読み返した本,「安南・愛の王国」(クリストフ・バタイユ 辻邦生訳)

  クリストフ・バタイユという美しい響きの名前を持つ作家を知ったのは,訳者が辻邦生だから,というのが唯一のきっかけだった。シンプルな装幀の「安南」(集英社, 1995)は,扉頁にヴェトナム周辺の地図を配した120余頁の書。
  18世紀末にフランスからヴェトナムに派遣されてやがて故国から忘れ去られていった宣教師たちの物語であり,訳者解説の言葉を借りれば,「神の喪失と愛の発顕の物語」(後述)である。

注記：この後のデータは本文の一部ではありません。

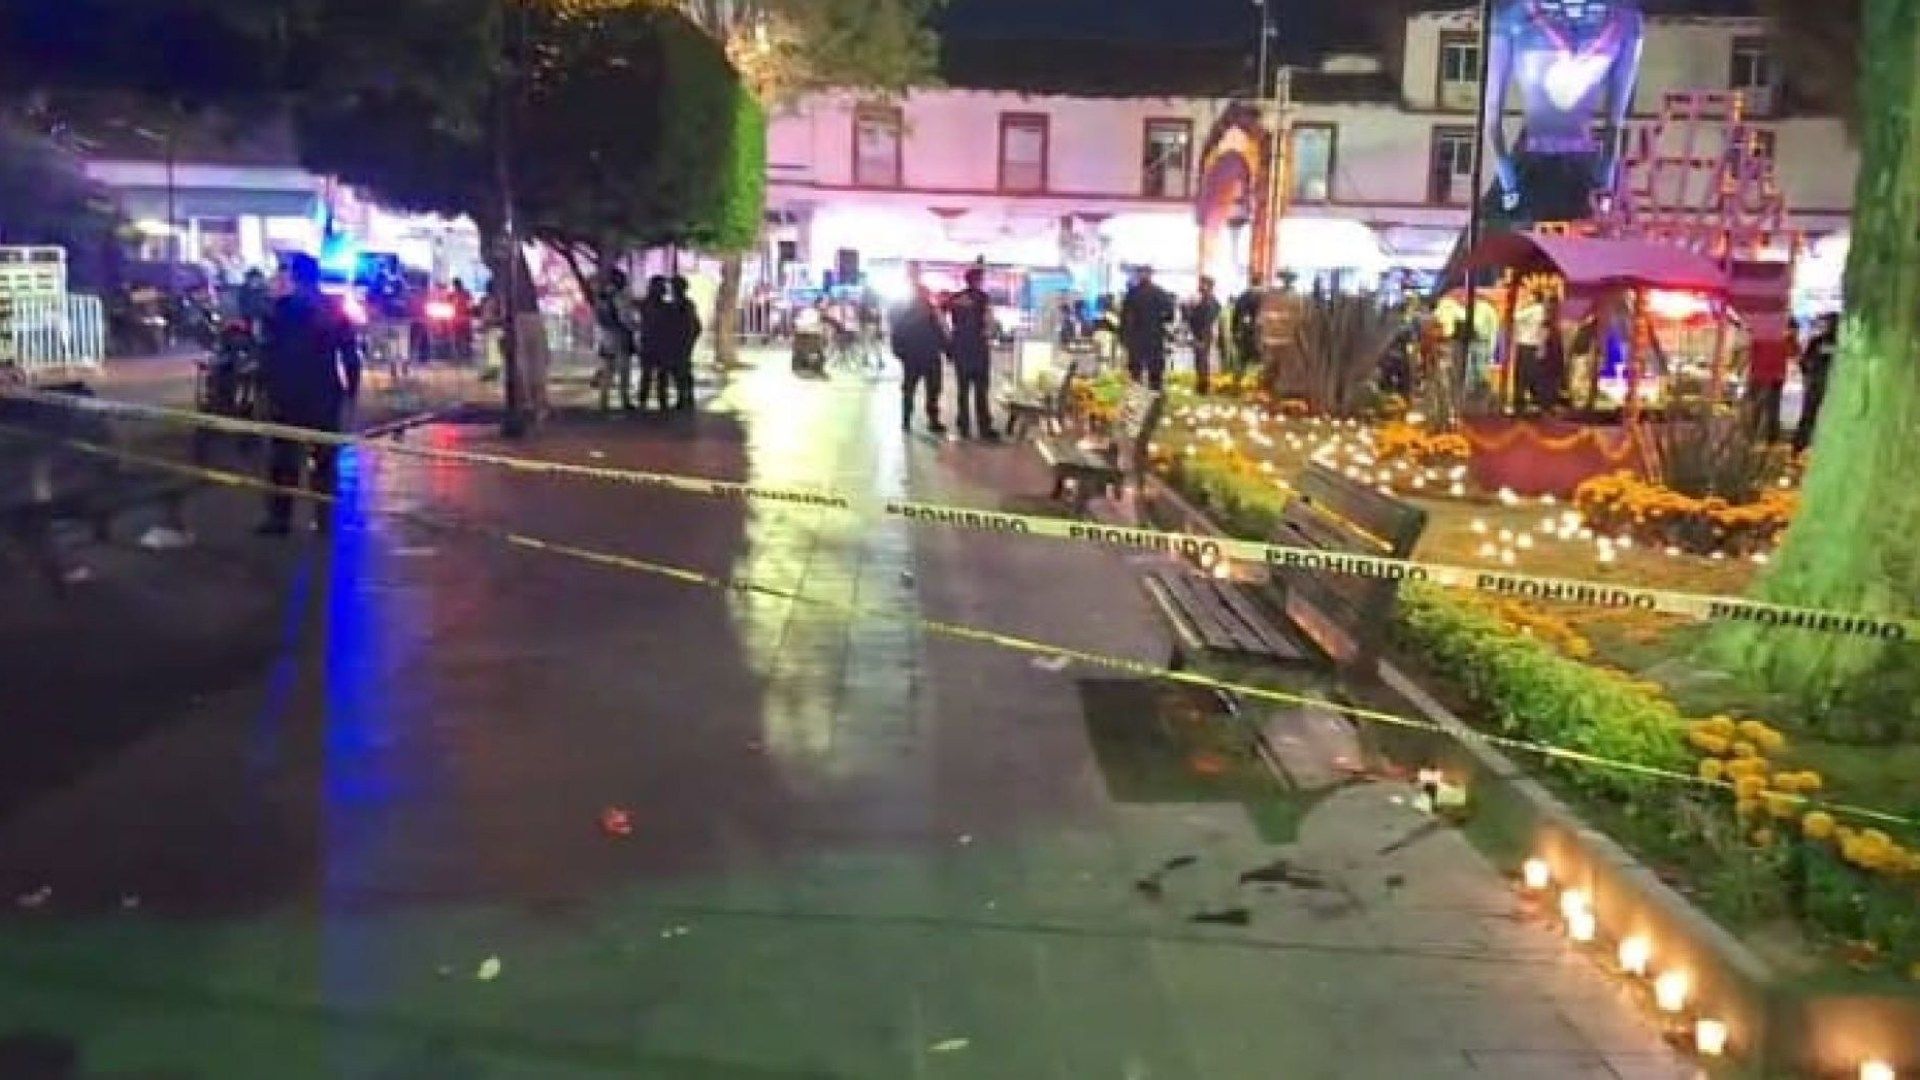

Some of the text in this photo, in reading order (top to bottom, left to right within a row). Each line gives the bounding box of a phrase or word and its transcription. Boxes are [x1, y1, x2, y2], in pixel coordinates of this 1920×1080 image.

[1069, 526, 1220, 563] PROHIBIDO
[1265, 549, 1428, 581] PROHIBIDO
[1477, 574, 1656, 610] PROHIBIDO
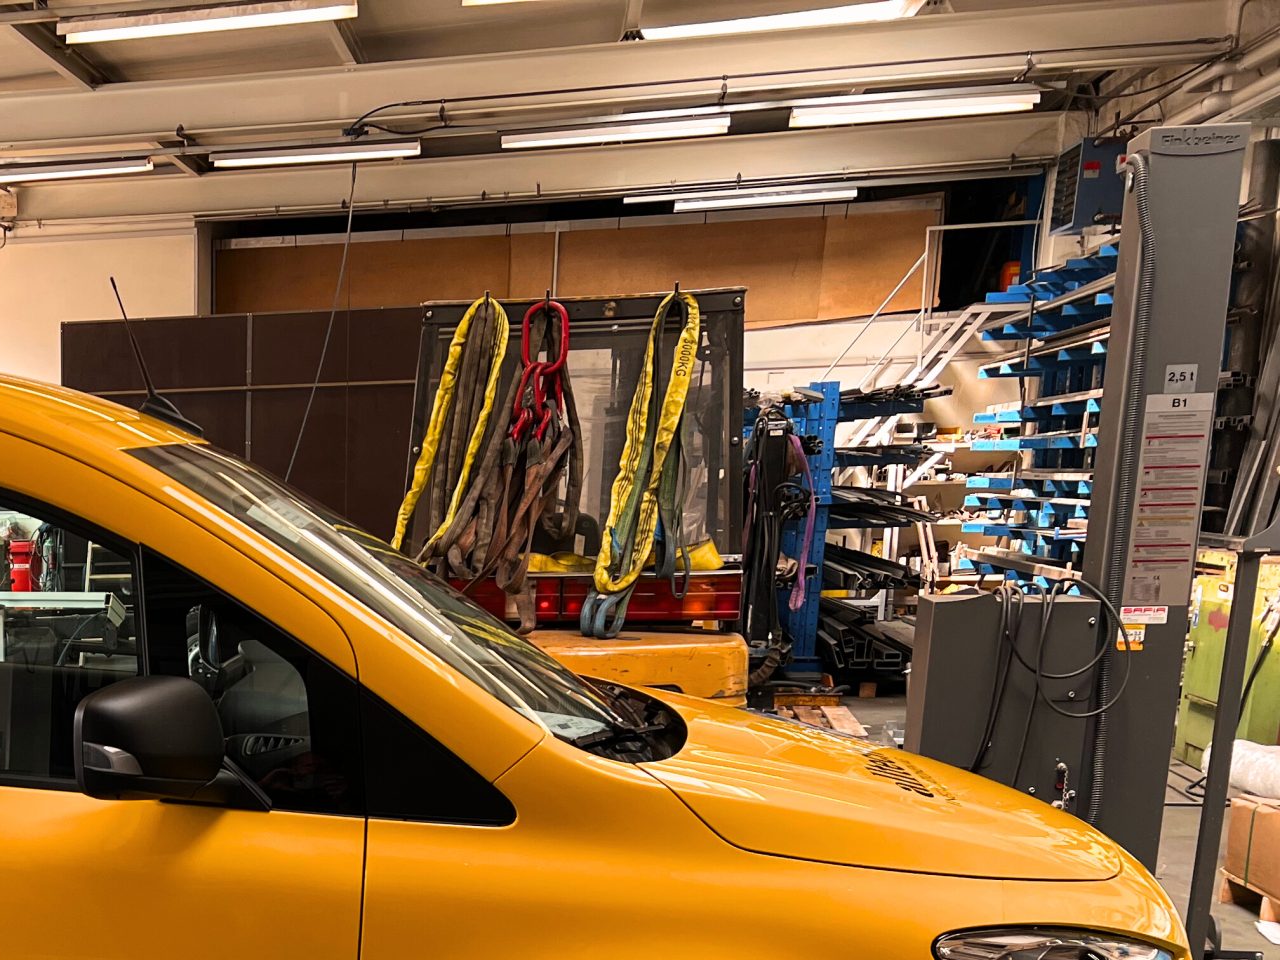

 話題になった出版時に購入して読んだのだから,初読は20年も前のことになる。あっという間に読み終えて,あっという間に忘却の彼方だった。ベトナム旅行と,そして最近,辻邦生に回帰(というのも変な言い方だけど)していることもあり,再読してみた。

 この小説の文章は一つ一つが簡潔でとても短い。そのためだろう,何か禁欲的な印象を受けて,読後は緊張から解放されるような気分を味わう。「農民たちは,福音の教えに耳を傾けていたが,同時に,古くから伝わる彼らの神々を信じ続けていた。ヴェトナムはすべてを昔ながらに保っている。すべてがそこで永遠と混ざり合う。人間はだたそこを通り過ぎていくだけだ。」(p.85より)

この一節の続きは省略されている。